The day before this year’s Major League Baseball trade deadline, the Milwaukee Brewers acquired Eduardo Escobar from the Arizona Diamondbacks. An All-Star for the first time in 2021, the 32-year old Escobar had appeared in 1,080 games in eleven seasons for the White Sox, Twins, and Diamondbacks. A versatile player, Escobar had played in 567 games at third base, 329 games at shortstop, 137 games at second base, and 45 games as an outfielder. He had even appeared in one game as a pitcher and another as a catcher.

The one defensive position Escobar had not yet played? First base. He hadn’t even played there in the minor leagues. But in just his second game for the Brewers — and with only a short pre-game practice session to help him prepare — that’s where manager Craig Counsell penciled Escobar into the lineup.

This was an admittedly unorthodox move for a first-place team, but Escobar seemed unfazed. “The most important thing for me is to help the team win,” he said. “I’ve never played first base but for this team to compete for the playoffs or make the World Series, you want to be out there all the time.

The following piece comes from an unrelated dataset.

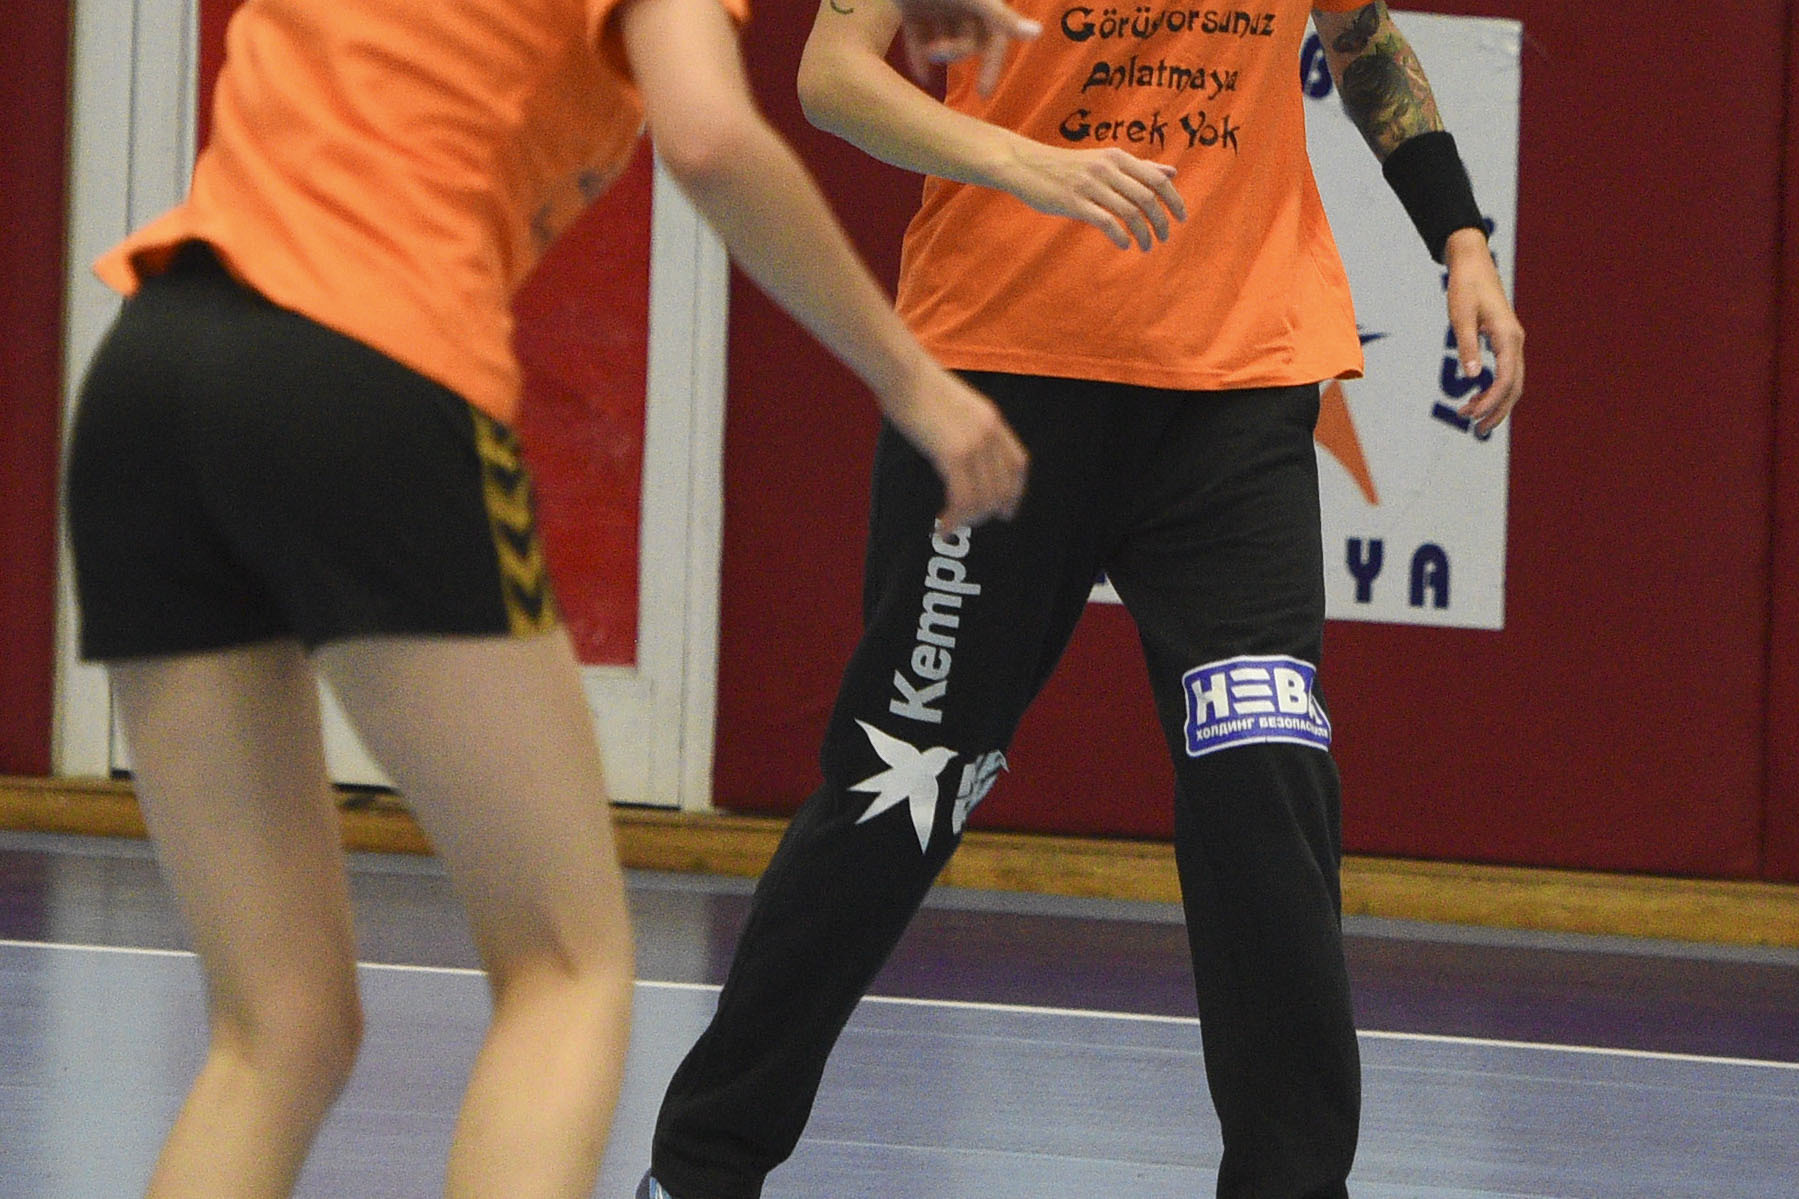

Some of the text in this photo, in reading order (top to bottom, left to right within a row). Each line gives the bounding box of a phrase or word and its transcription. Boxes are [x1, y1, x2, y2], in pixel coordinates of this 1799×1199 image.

[1058, 107, 1241, 157] Gerek Yok
[888, 517, 983, 725] Kempa
[1196, 716, 1255, 742] ХОЛДИНГ

I will come early and work at first base. I’ll be ready when they need me. I’ll try to make the manager’s job easier.”

Counsell downplayed concerns about Escobar’s ability to handle the transition to a new position: “He’s a baseball player. We’re not sending a baseball player into a basketball game here.”

The Brewers’ decision to acquire Escobar and play him “out of position” was a good example of a significant, recent trend across many professional team sports: positionlessness. Whether positionless baseball, positionless basketball, positionless football, positionless soccer, positionless hockey, or positionless lacrosse, the concept is similar. Instead of accepting pre-defined positions and assigning players to play them, coaches in positionless systems assess their players’ individual skills and design strategies to maximize their chances of success.

This philosophy focuses on what players can do well rather than what they can’t do well. Each player still has a role based on their particular skillset, but those roles don’t correspond to pre-defined positions. In basketball, for example, this approach has allowed atypically skilled and sized players like Draymond Green, Zion Williamson, and Ben Simmons to thrive even though they don’t fit the traditional standards used to distinguish between guards, forwards, and centers. Across all sports, this makes teams more versatile because it allows coaches to define roles based on each player’s skills rather than to define the skills that each player needs based on their assigned role.

It is my contention that the philosophy of positionless sports can and should be applied to debate. The rest of this article will make the case for that conclusion.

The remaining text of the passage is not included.